**Exercise materials:**

········

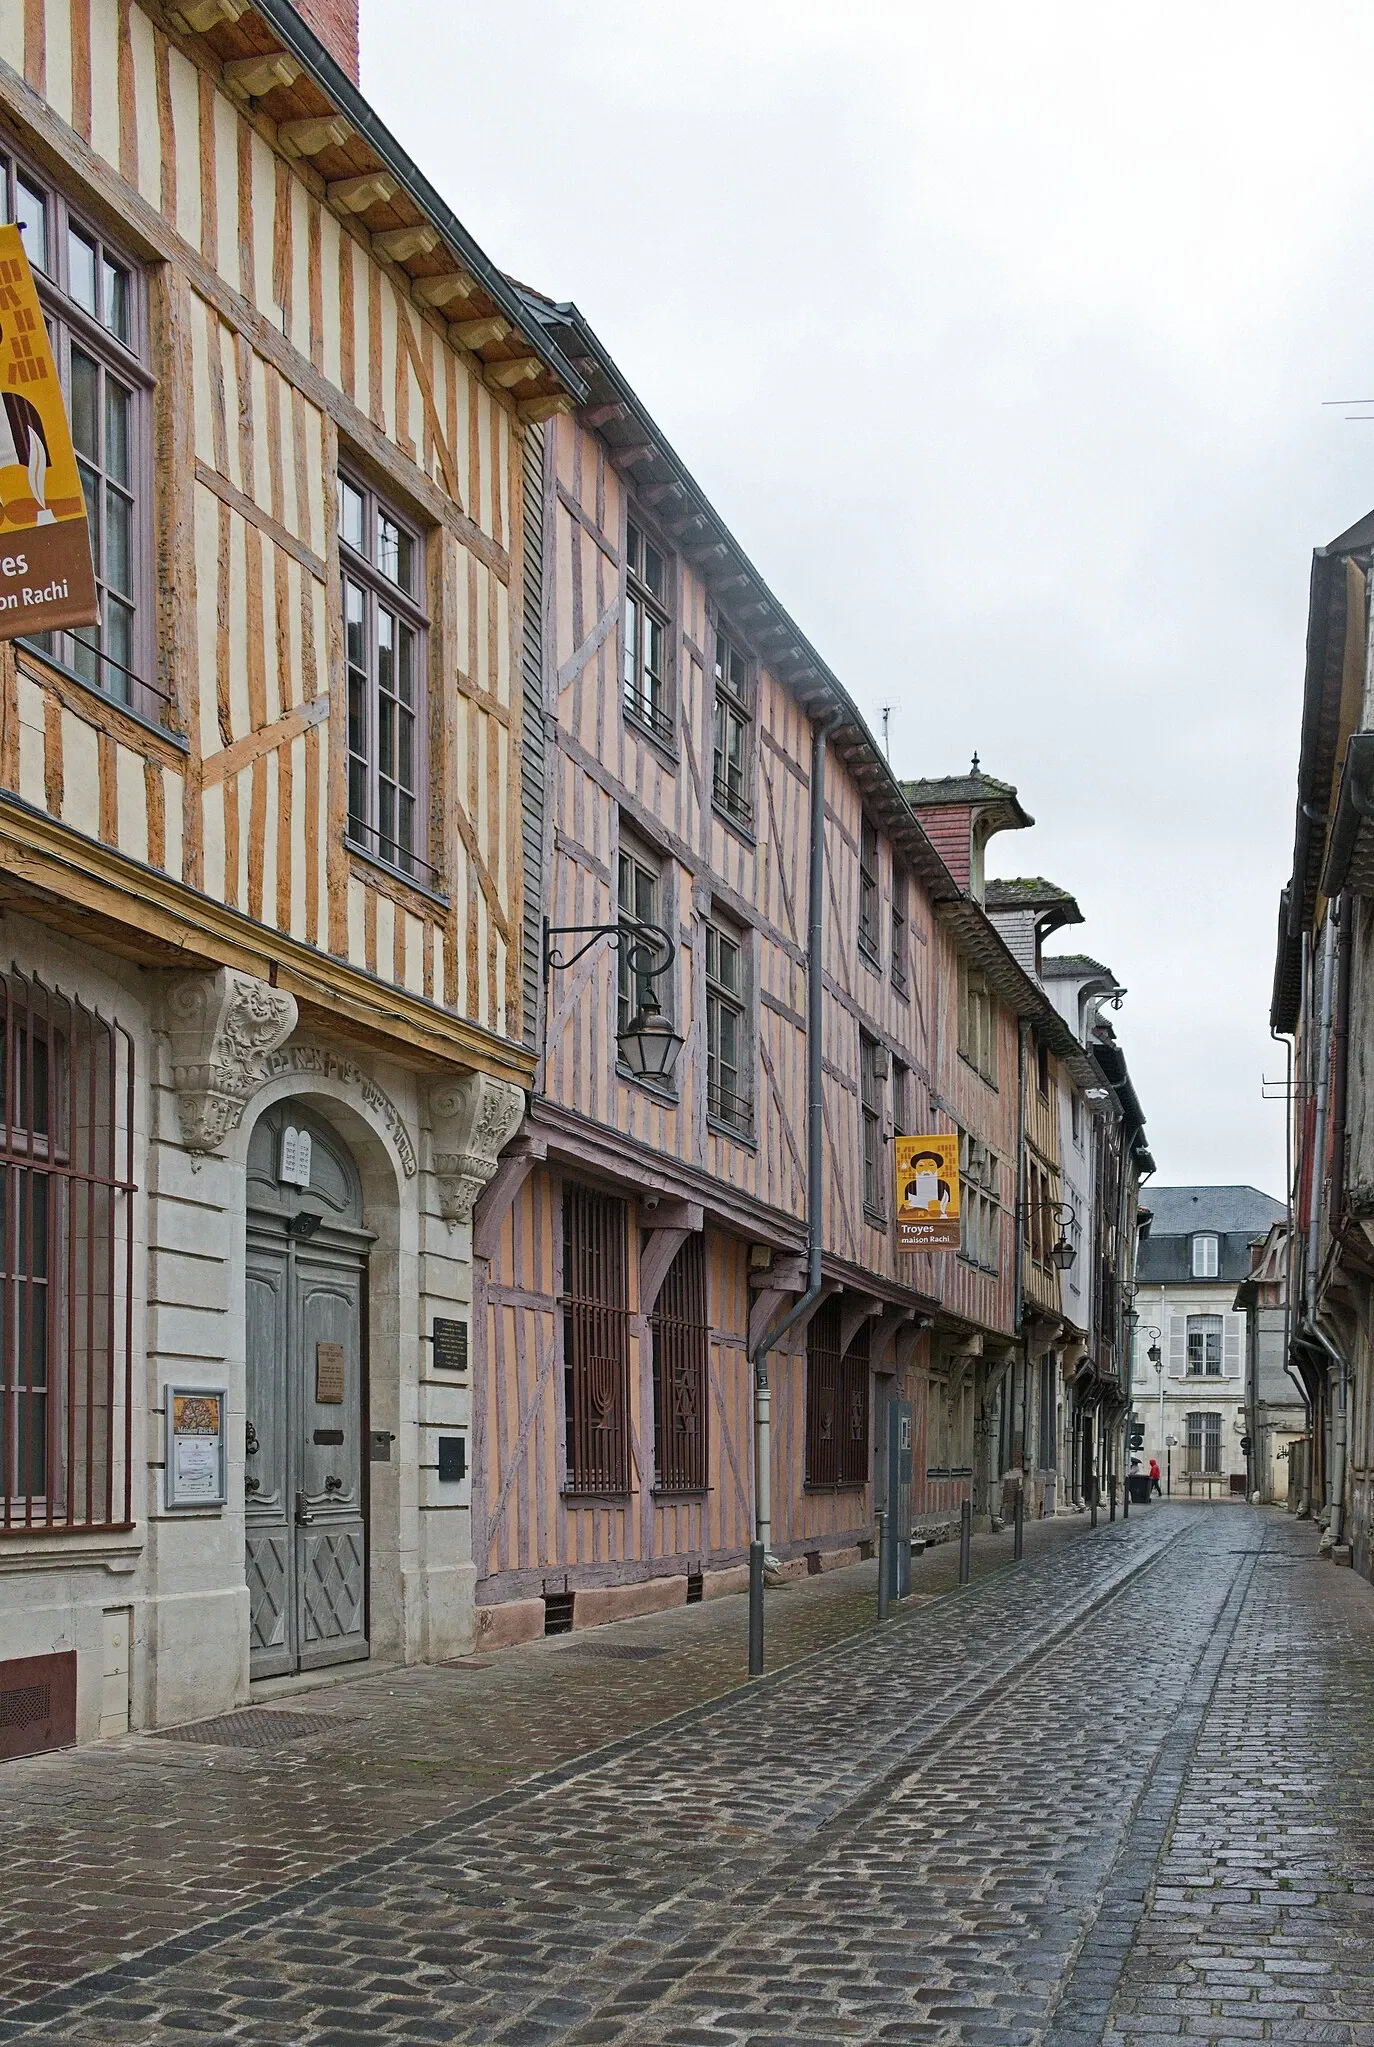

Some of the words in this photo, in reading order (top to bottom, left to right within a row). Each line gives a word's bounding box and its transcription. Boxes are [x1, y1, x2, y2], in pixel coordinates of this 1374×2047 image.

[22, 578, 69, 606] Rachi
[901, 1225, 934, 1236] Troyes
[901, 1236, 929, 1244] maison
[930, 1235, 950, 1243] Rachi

········

**What the exercise asks:**
Each record above, in full: return it exactly, pictures excluded.

**Response to the task:**
Some of the words in this photo, in reading order (top to bottom, left to right within a row). Each line gives a word's bounding box and its transcription. Boxes are [x1, y1, x2, y2], in pixel coordinates of this 1374×2047 image.

[22, 578, 69, 606] Rachi
[901, 1225, 934, 1236] Troyes
[901, 1236, 929, 1244] maison
[930, 1235, 950, 1243] Rachi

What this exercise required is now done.